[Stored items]

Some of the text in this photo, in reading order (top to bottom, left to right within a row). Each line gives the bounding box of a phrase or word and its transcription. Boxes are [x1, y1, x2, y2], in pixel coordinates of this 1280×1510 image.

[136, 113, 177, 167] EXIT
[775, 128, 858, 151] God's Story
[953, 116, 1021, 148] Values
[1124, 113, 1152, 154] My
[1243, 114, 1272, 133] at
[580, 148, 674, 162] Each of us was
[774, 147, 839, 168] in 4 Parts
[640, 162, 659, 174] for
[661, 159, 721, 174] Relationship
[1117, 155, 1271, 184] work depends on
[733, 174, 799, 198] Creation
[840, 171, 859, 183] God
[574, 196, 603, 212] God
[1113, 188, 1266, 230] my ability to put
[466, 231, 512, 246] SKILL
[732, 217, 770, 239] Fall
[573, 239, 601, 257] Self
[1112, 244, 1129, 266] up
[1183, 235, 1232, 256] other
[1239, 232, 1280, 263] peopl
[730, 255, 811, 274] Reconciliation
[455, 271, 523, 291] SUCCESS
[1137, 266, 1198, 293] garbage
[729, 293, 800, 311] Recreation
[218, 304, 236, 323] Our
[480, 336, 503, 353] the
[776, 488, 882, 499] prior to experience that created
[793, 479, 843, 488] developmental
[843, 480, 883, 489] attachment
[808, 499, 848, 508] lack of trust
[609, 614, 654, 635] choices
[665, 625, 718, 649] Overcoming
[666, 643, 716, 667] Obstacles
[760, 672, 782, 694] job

* **Instructions for the task**
The response has to contain every record shown above, unaltered and complete.

* **Exercise output**
Some of the text in this photo, in reading order (top to bottom, left to right within a row). Each line gives the bounding box of a phrase or word and its transcription. Boxes are [x1, y1, x2, y2], in pixel coordinates of this 1280×1510 image.

[136, 113, 177, 167] EXIT
[775, 128, 858, 151] God's Story
[953, 116, 1021, 148] Values
[1124, 113, 1152, 154] My
[1243, 114, 1272, 133] at
[580, 148, 674, 162] Each of us was
[774, 147, 839, 168] in 4 Parts
[640, 162, 659, 174] for
[661, 159, 721, 174] Relationship
[1117, 155, 1271, 184] work depends on
[733, 174, 799, 198] Creation
[840, 171, 859, 183] God
[574, 196, 603, 212] God
[1113, 188, 1266, 230] my ability to put
[466, 231, 512, 246] SKILL
[732, 217, 770, 239] Fall
[573, 239, 601, 257] Self
[1112, 244, 1129, 266] up
[1183, 235, 1232, 256] other
[1239, 232, 1280, 263] peopl
[730, 255, 811, 274] Reconciliation
[455, 271, 523, 291] SUCCESS
[1137, 266, 1198, 293] garbage
[729, 293, 800, 311] Recreation
[218, 304, 236, 323] Our
[480, 336, 503, 353] the
[776, 488, 882, 499] prior to experience that created
[793, 479, 843, 488] developmental
[843, 480, 883, 489] attachment
[808, 499, 848, 508] lack of trust
[609, 614, 654, 635] choices
[665, 625, 718, 649] Overcoming
[666, 643, 716, 667] Obstacles
[760, 672, 782, 694] job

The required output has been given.